* Supplied material
━━━━━━━━━━
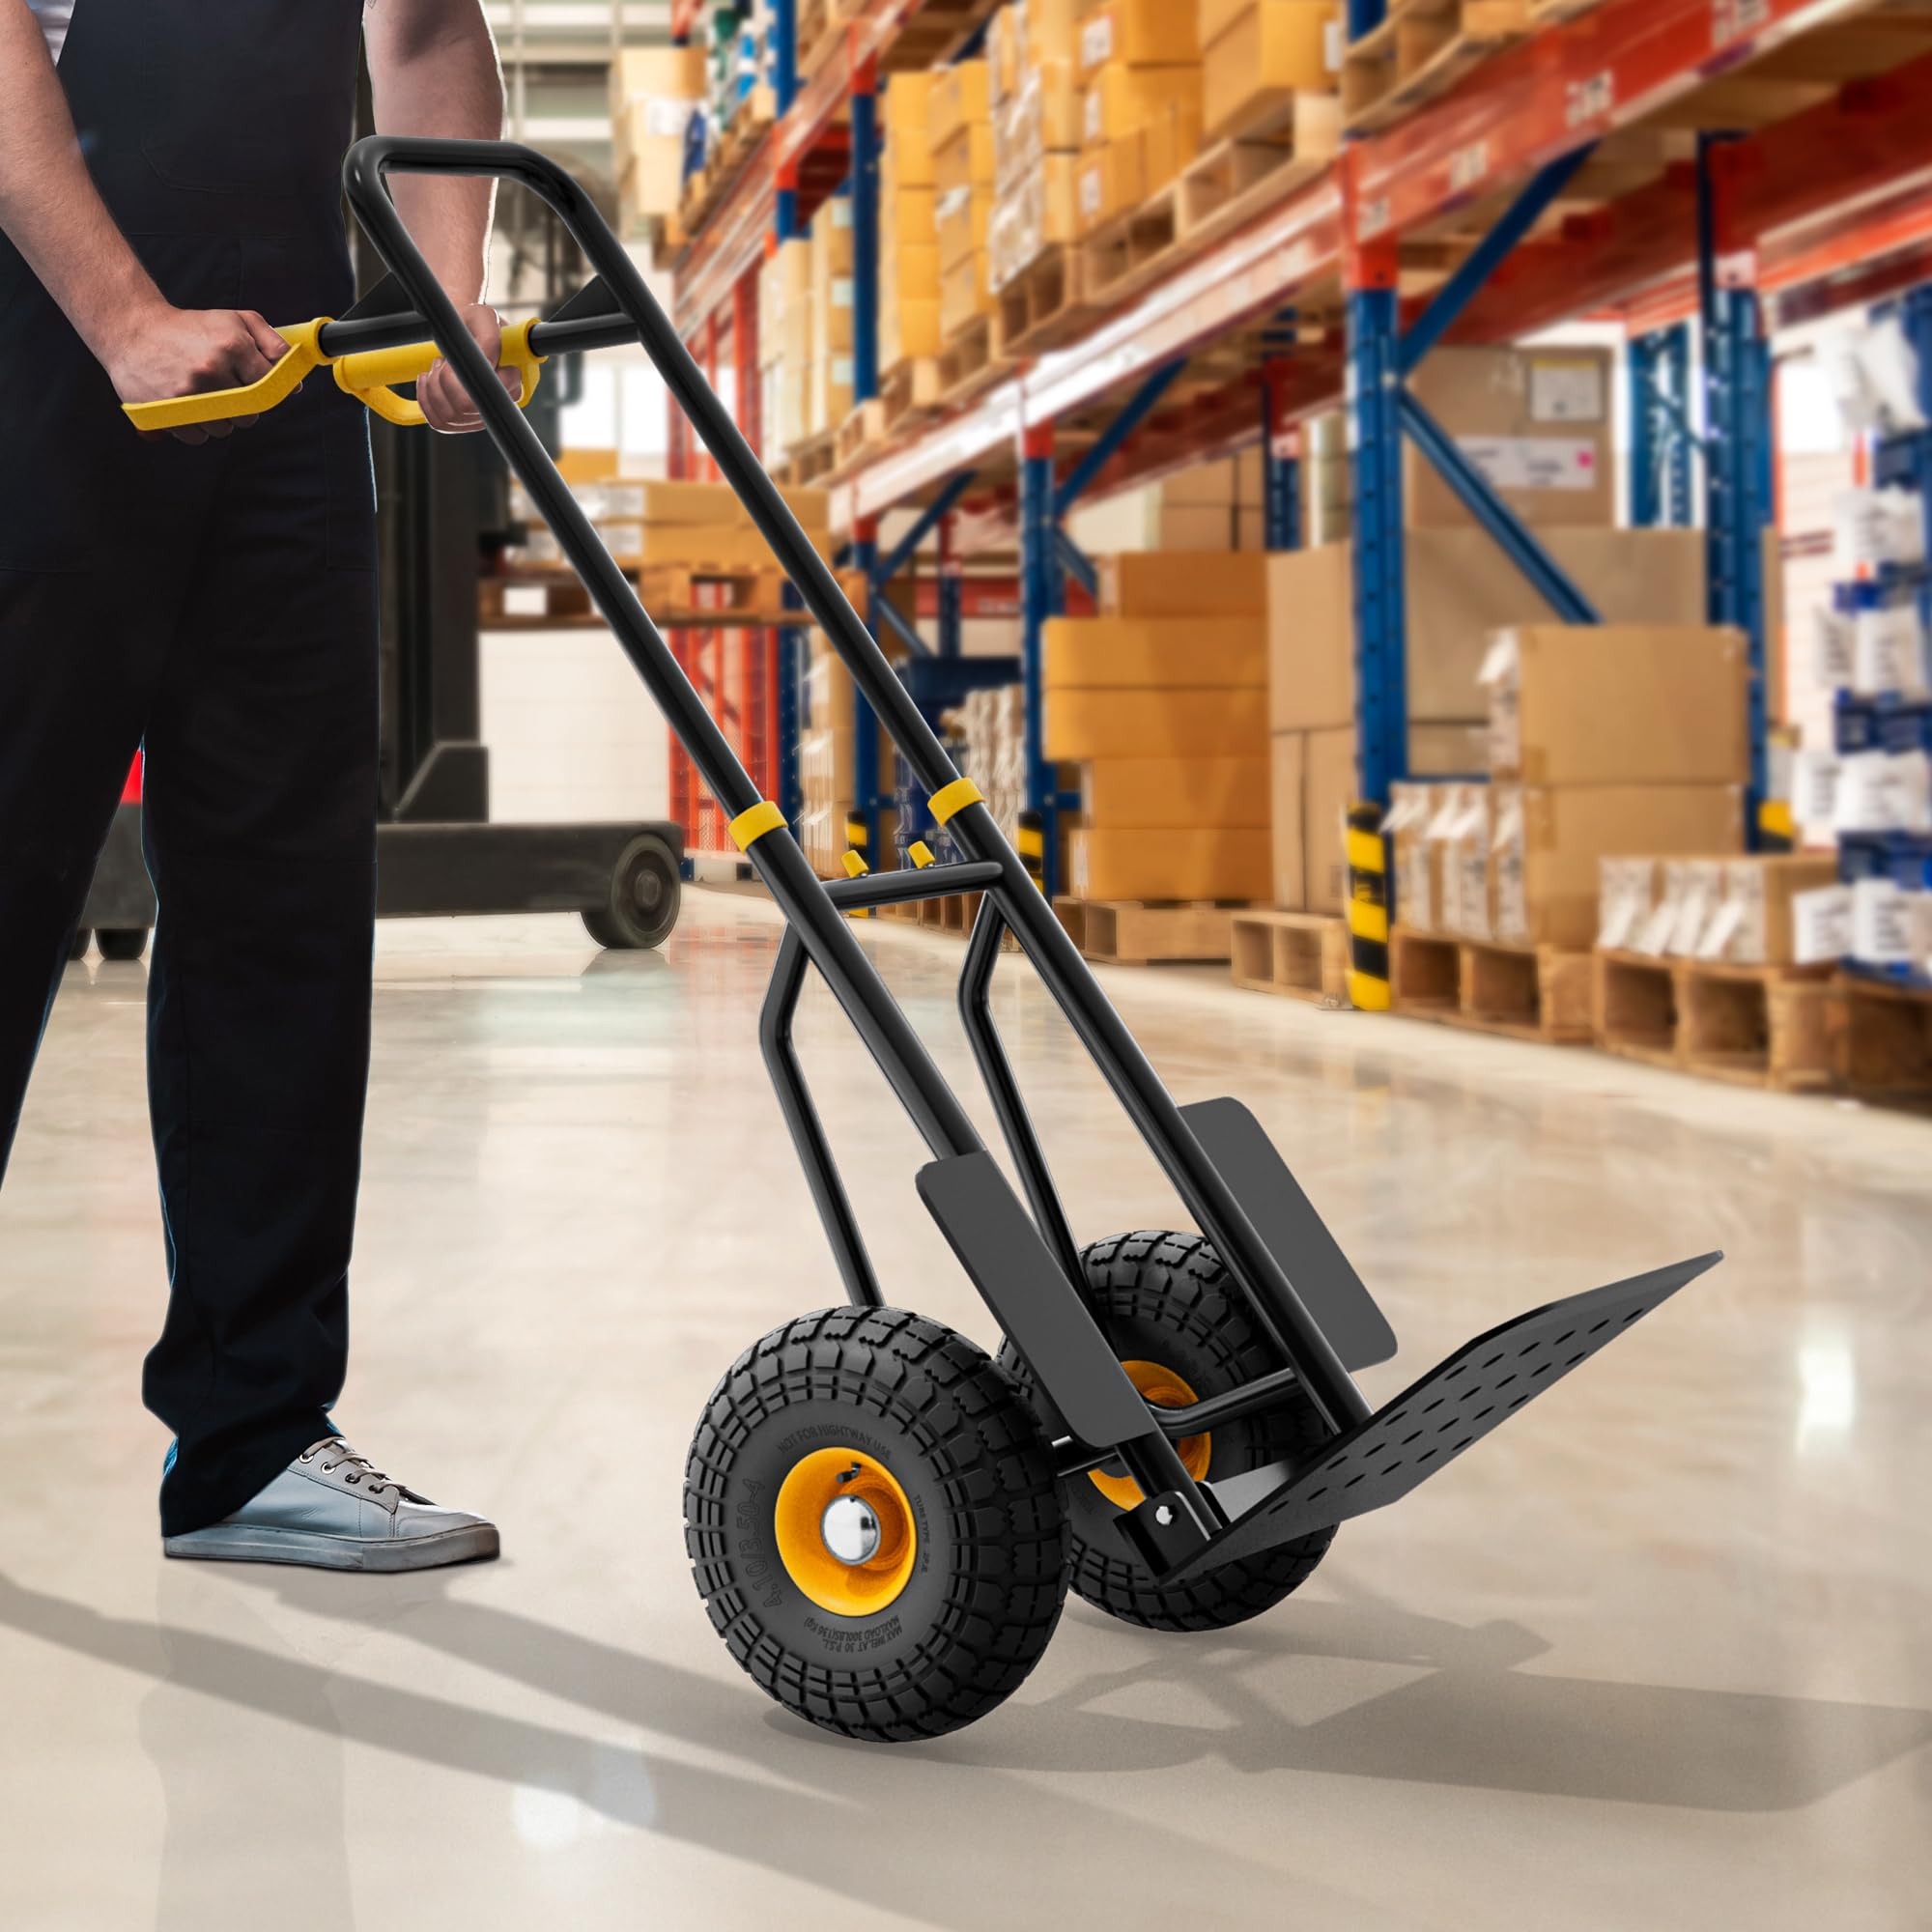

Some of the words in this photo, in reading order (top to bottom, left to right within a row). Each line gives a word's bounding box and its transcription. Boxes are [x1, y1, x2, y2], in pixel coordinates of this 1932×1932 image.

[777, 1433, 798, 1453] NOT
[796, 1425, 818, 1441] FOR
[873, 1439, 892, 1460] USE
[887, 1625, 902, 1642] MAX
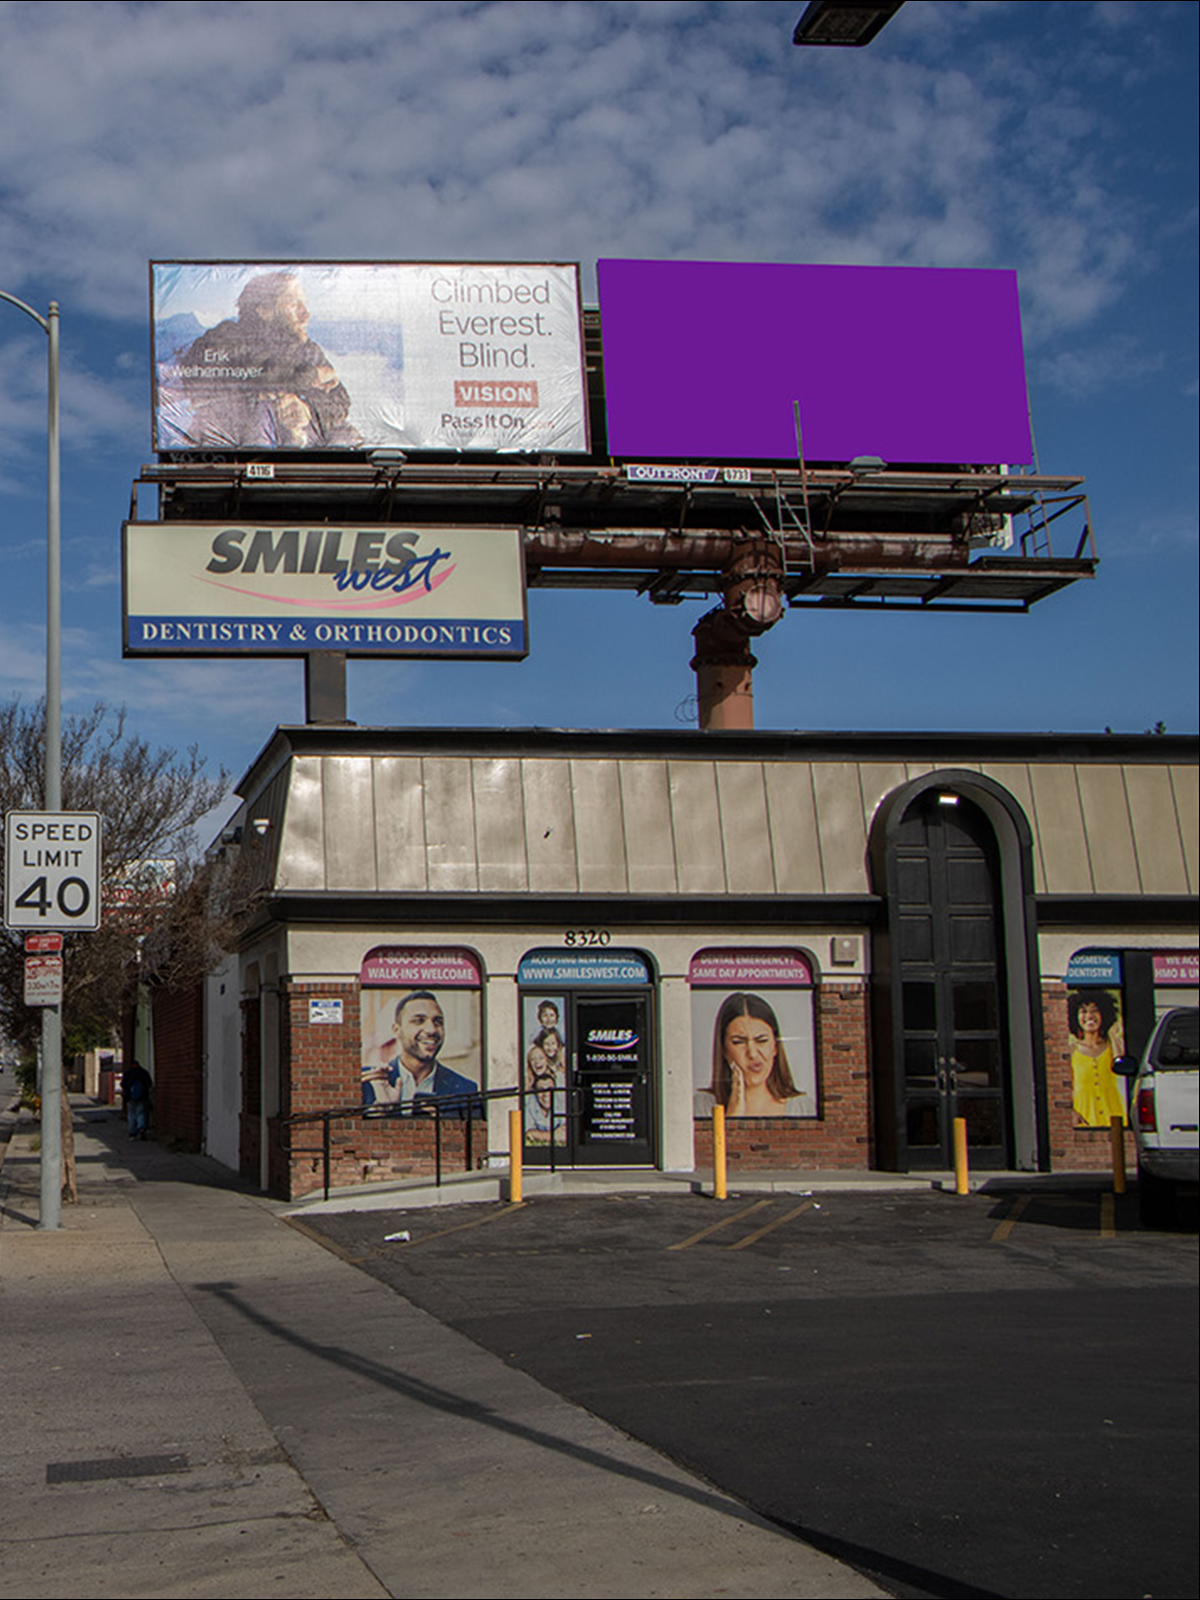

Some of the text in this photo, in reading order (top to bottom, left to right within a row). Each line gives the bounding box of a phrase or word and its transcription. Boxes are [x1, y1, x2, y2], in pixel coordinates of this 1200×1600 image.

[430, 278, 550, 305] Climbed
[438, 310, 553, 336] Everest.
[204, 347, 230, 362] Erik
[459, 342, 536, 369] Blind.
[459, 385, 533, 403] VISION
[636, 465, 709, 480] OUTFRONT
[205, 530, 421, 575] SMILES
[333, 548, 451, 593] west
[142, 622, 512, 645] DENTISTRY & ORTHODONTICS
[15, 823, 92, 842] SPEED
[23, 850, 83, 868] LIMIT
[15, 876, 90, 918] 40
[564, 929, 612, 947] 8320
[701, 954, 734, 965] DENTAL
[1069, 956, 1112, 965] COSMETIC
[1166, 956, 1180, 966] WE
[367, 967, 473, 980] WALK-INS WELCOME
[522, 966, 645, 980] WWW.SMILESWEST.COM
[692, 968, 804, 980] SAME DAY APPOINTMENTS
[1069, 967, 1114, 979] DENTISTRY
[1155, 967, 1178, 979] HMO
[587, 1029, 633, 1042] SMILES
━━━━━━━━━━
* Task to carry out
Output these and nothing else: the lines from the one holding "Some of the text" through the final line of the entries above, exactly as they appear.

* Answer below
Some of the text in this photo, in reading order (top to bottom, left to right within a row). Each line gives the bounding box of a phrase or word and its transcription. Boxes are [x1, y1, x2, y2], in pixel coordinates of this 1200×1600 image.

[430, 278, 550, 305] Climbed
[438, 310, 553, 336] Everest.
[204, 347, 230, 362] Erik
[459, 342, 536, 369] Blind.
[459, 385, 533, 403] VISION
[636, 465, 709, 480] OUTFRONT
[205, 530, 421, 575] SMILES
[333, 548, 451, 593] west
[142, 622, 512, 645] DENTISTRY & ORTHODONTICS
[15, 823, 92, 842] SPEED
[23, 850, 83, 868] LIMIT
[15, 876, 90, 918] 40
[564, 929, 612, 947] 8320
[701, 954, 734, 965] DENTAL
[1069, 956, 1112, 965] COSMETIC
[1166, 956, 1180, 966] WE
[367, 967, 473, 980] WALK-INS WELCOME
[522, 966, 645, 980] WWW.SMILESWEST.COM
[692, 968, 804, 980] SAME DAY APPOINTMENTS
[1069, 967, 1114, 979] DENTISTRY
[1155, 967, 1178, 979] HMO
[587, 1029, 633, 1042] SMILES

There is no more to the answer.